Après sa désignation à la succession de Boumediène et son intronisation par la direction de l’armée et du FLN comme candidat unique à la présidence de la République, une résolution organique du FLN du 14 mai 1980 conféra à Chadli les pleins pouvoirs afin de restructurer celui-ci. De plus, la nomination du gouvernement dépendait exclusivement de lui. Enfin, il renforça son autorité sur l’armée - dont il a été le ministre - par la reconstitution de l’état-major, ainsi que sur le FLN par la réduction du BP à sept membres au lieu de dix-sept. Les changements opérés au niveau du gouvernement et du BP du FLN ont préfiguré la mainmise de Chadli sur le pouvoir qui a écarté peu à peu ses adversaires réels (Yahiaoui et Bouteflika) ou potentiels (Abdelghani et Abdesselam). De même, peu à peu, les membres du Conseil de la révolution (MM. Draïa, Bencherif, Tayebi Larbi) vont cesser d’occuper des postes ministériels et ne siègent plus au sein du BP du FLN. La confusion des pouvoirs était alors à son comble, Chadli ayant été président de la République, secrétaire général du FLN et ministre de la Défense nationale où il plaça ses hommes aux postes de directeurs centraux. Ce dispositif fut complété par l’affectation de ses partisans aux postes importants de l’ANP (notamment à la tête des régions militaires) et la mise à la retraite de certains officiers jugés sans doute gênants, le rattachement de la sécurité militaire à la présidence et le remplacement au gouvernement des « politiques » par des technocrates lors de différents remaniements ministériels. Un véritable Etat d’exception.

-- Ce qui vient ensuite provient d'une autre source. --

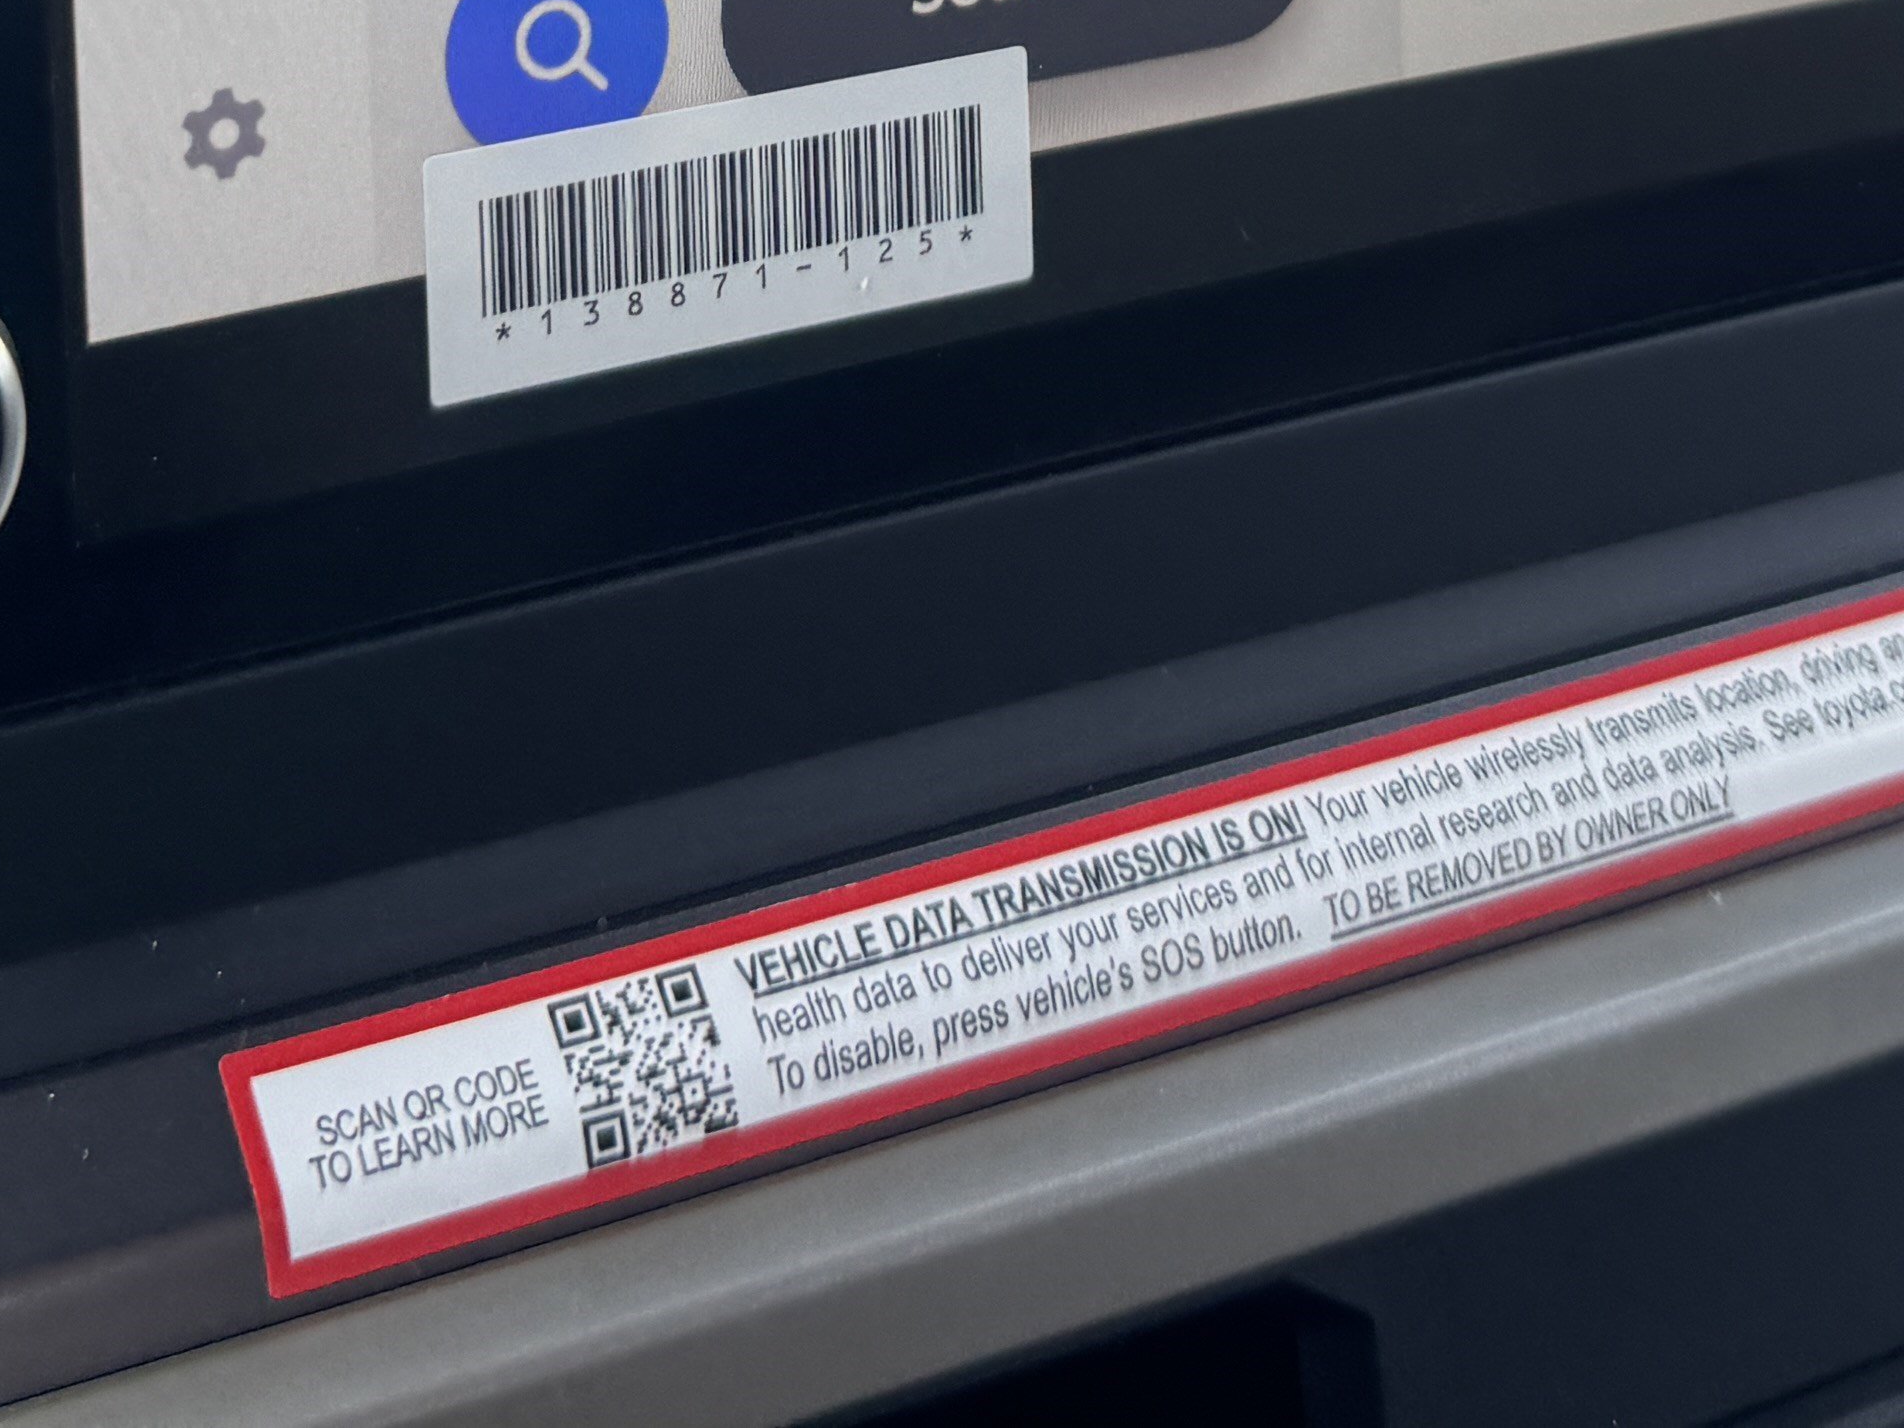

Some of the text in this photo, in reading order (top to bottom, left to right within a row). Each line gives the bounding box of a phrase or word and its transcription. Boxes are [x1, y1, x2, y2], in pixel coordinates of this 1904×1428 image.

[734, 921, 883, 992] VEHICLE
[883, 900, 975, 950] DATA
[972, 828, 1210, 923] TRANSMISSION
[1211, 818, 1247, 856] IS
[1249, 798, 1306, 845] ON!
[1305, 789, 1370, 829] Your
[1378, 760, 1464, 807] vehicle
[1465, 723, 1586, 784] wirelessly
[1590, 694, 1698, 746] transmits
[1801, 643, 1880, 687] driving
[753, 981, 848, 1044] health
[853, 964, 918, 1015] data
[922, 959, 954, 996] to
[961, 932, 1065, 983] deliver
[1057, 910, 1120, 965] your
[1128, 882, 1238, 933] services
[1243, 850, 1295, 898] and
[1297, 846, 1334, 887] for
[1339, 819, 1434, 871] internal
[1437, 786, 1549, 842] research
[1555, 764, 1600, 808] and
[1603, 746, 1659, 793] data
[1762, 707, 1815, 742] See
[767, 774, 1732, 1097] To disable, press vehicle's SOS button. TO BE REMOVED BY OWNER ONLY
[309, 1094, 550, 1190] TO LEARN MORE
[316, 1058, 540, 1146] SCAN QR CODE
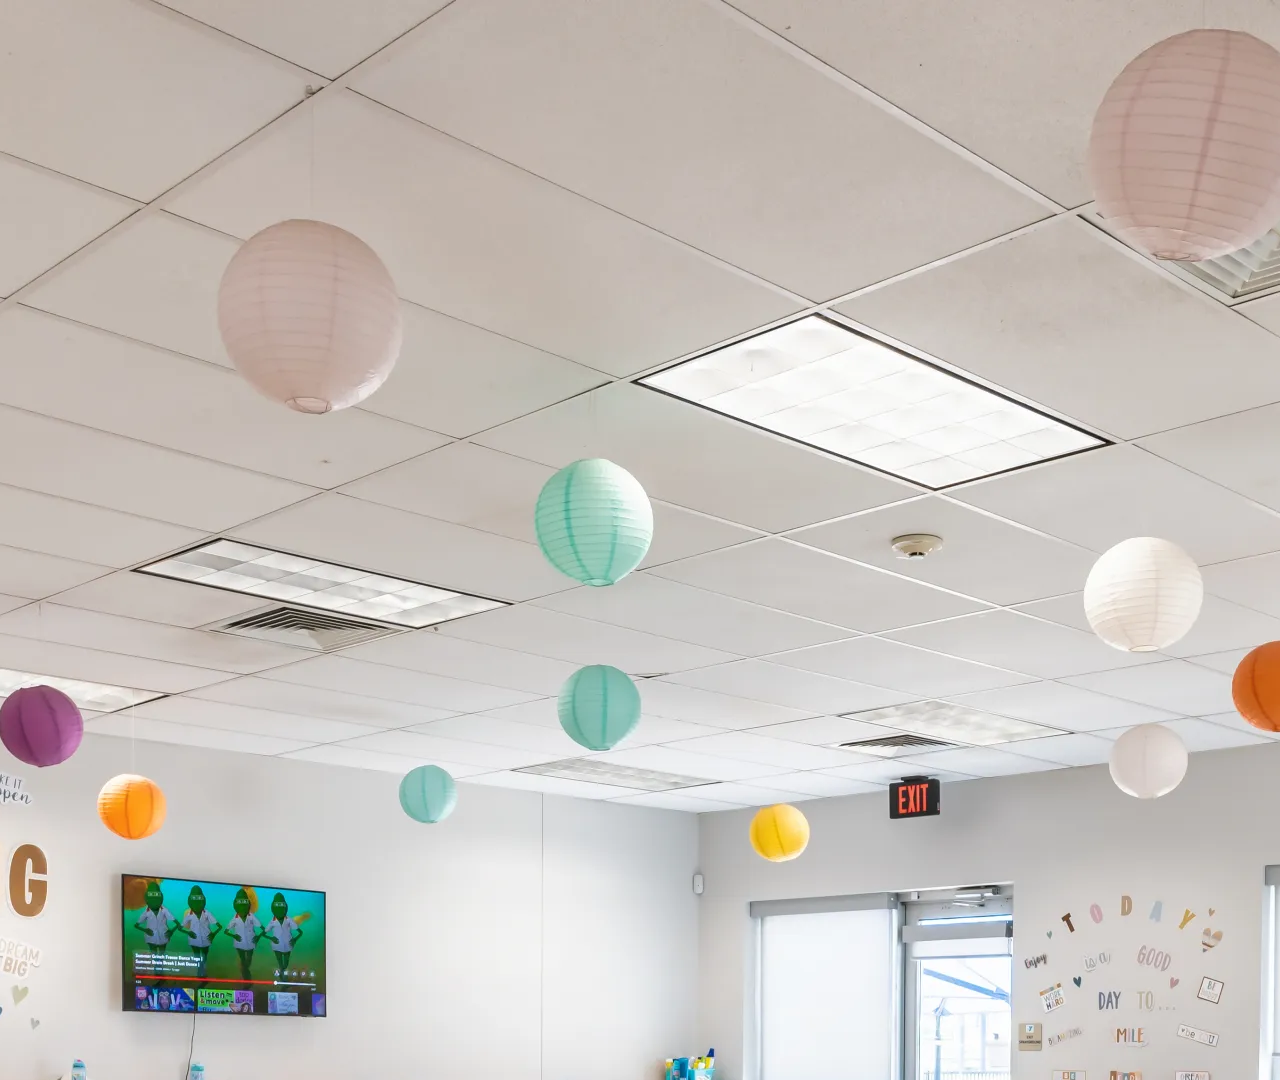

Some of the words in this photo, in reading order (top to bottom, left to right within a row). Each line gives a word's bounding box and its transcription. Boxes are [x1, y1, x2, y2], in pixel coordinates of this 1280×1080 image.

[13, 777, 23, 789] IT
[898, 783, 929, 814] EXIT
[1061, 895, 1197, 933] TODAY
[1024, 953, 1047, 969] Enjoy
[1137, 945, 1171, 972] GOOD
[3, 957, 28, 977] BIG
[200, 991, 225, 999] Listen
[1043, 990, 1062, 1003] WORK
[1098, 991, 1122, 1010] DAY
[1046, 997, 1064, 1011] HARD
[1111, 1027, 1145, 1043] MILE
[1185, 1028, 1196, 1039] be
[1180, 1073, 1206, 1080] DREAM
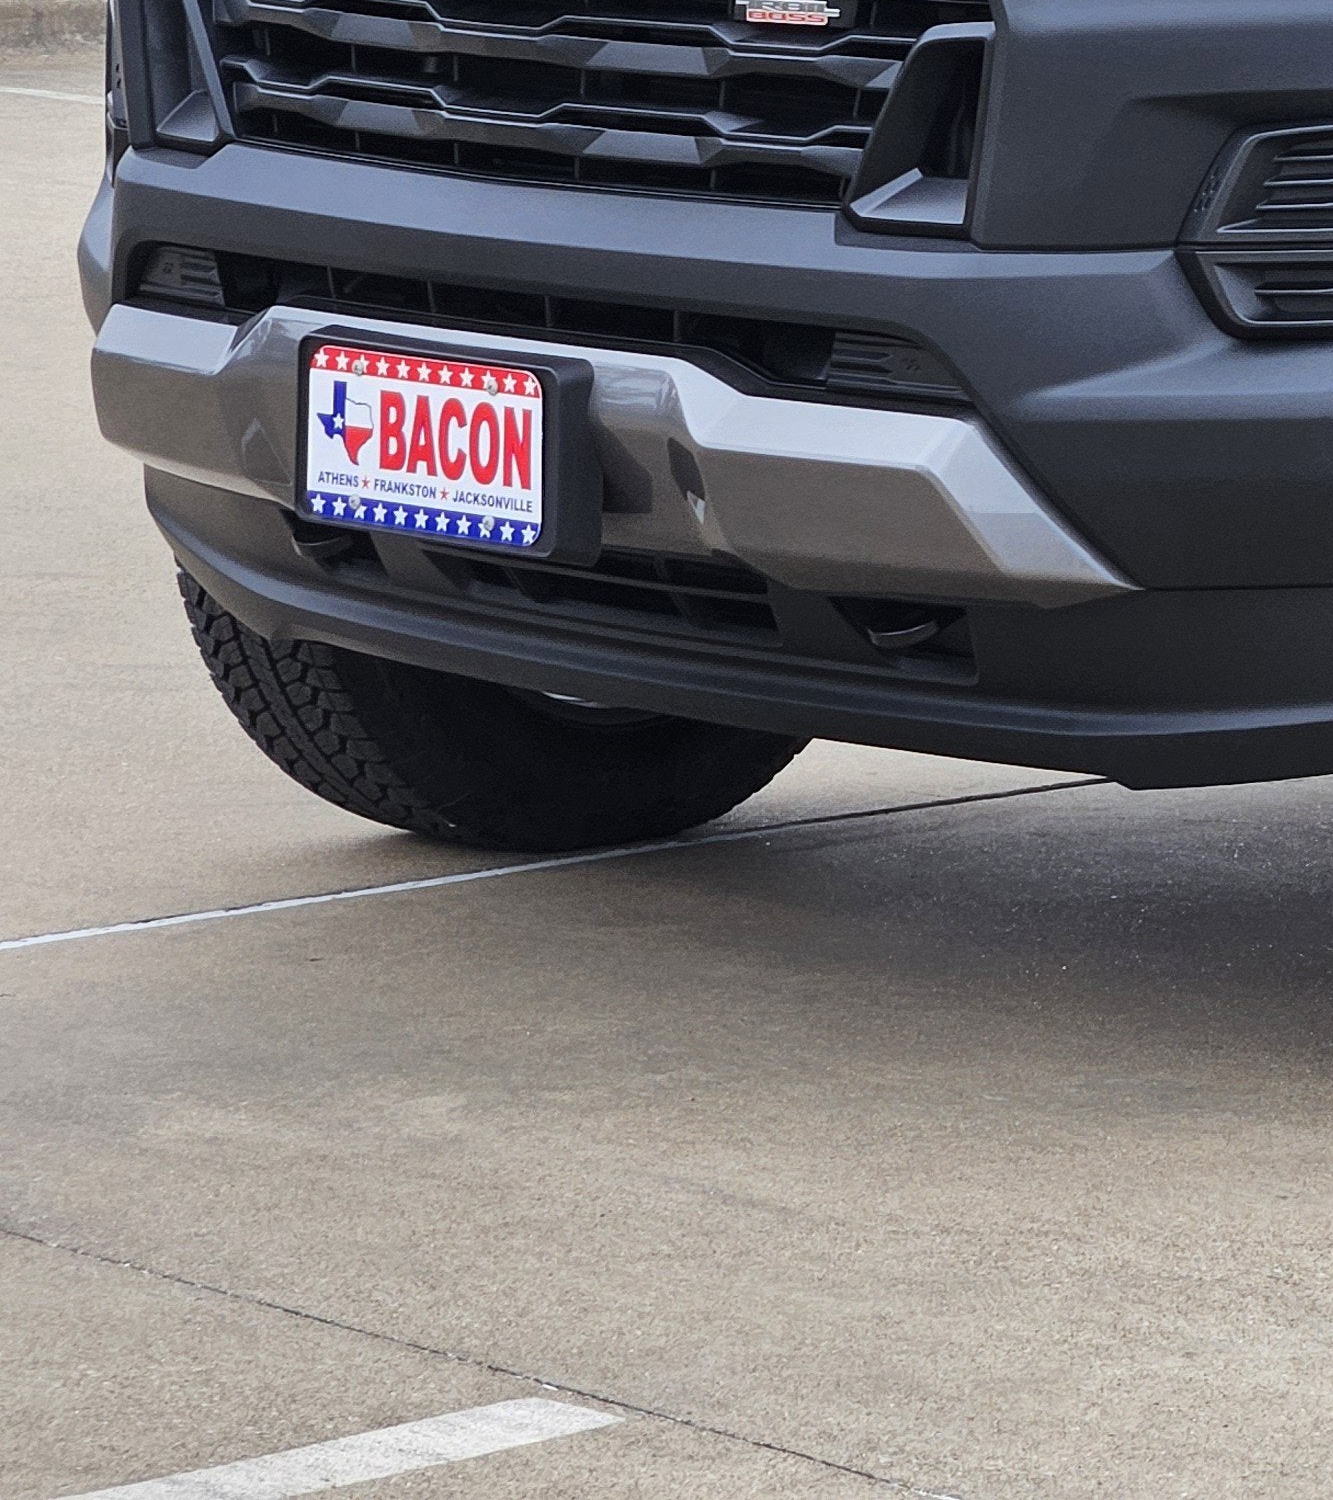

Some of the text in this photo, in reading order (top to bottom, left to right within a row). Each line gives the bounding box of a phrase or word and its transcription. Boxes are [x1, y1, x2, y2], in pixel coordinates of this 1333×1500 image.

[746, 8, 829, 26] BOSS
[379, 389, 533, 491] BACON
[317, 470, 534, 514] ATHENS FRANKSTON JACKSONVILLE

Pour « Jeune Afrique », il apparaissait comme un apparatchik, « méditerranéen conservateur et ouvert à la fois, non dénué de tendresse pour les jouissances terrestres » (1). Pour « Algérie actualité », Chadli se caractérise par « sa célèbre irrésolution » (« c’est la faute à... »). En outre, pour le même journal, « Chef de l’Etat, Bendjedid ne fit jamais l’effort d’apprendre les vrais dossiers du pays, de solliciter l’avis des grands spécialistes qui pouvaient l’éclairer. L’exemple tragiquement illustrateur de son incompétence est son approche superficielle du phénomène intégriste ». Le même journal ajoute que « Les drames que connaîtra l’Algérie pendant les trois années qui suivront octobre 88 naîtront du refus obstiné de Chadli Bendjedid de partir » (2). Il finit par partir dans les conditions que l’on connaît. En tout état de cause, le régime de celui-ci va graduellement procéder à une certaine critique des réalisations de son prédécesseur, tout en proclamant dans ses discours la continuité et « le changement dans la continuité ». Ainsi, d’abord, il va promouvoir quelques mesures qui vont frapper l’imagination des Algériens, à savoir : la suppression de l’autorisation de sortie du territoire national, la libération du président Ben Bella et l’invitation aux exilés politiques de rentrer. Parallèlement, il n’aura de cesse d’évacuer de la scène ses adversaires politiques en leur fabriquant au besoin un procès et de modeler le personnel civil et militaire de l’Etat afin d’accéder à une clientèle à sa dévotion lui permettant de mettre en pratique son projet de libéralisme « spécifique ». Aussi, après avoir caractérisé la situation comme présentant de « grandes réalisations », mais de « profonds déséquilibres » également, il va procéder au démantèlement de la politique antérieure, aidée en cela par son équipe dont la langue de bois ne fut pas le dernier des défauts.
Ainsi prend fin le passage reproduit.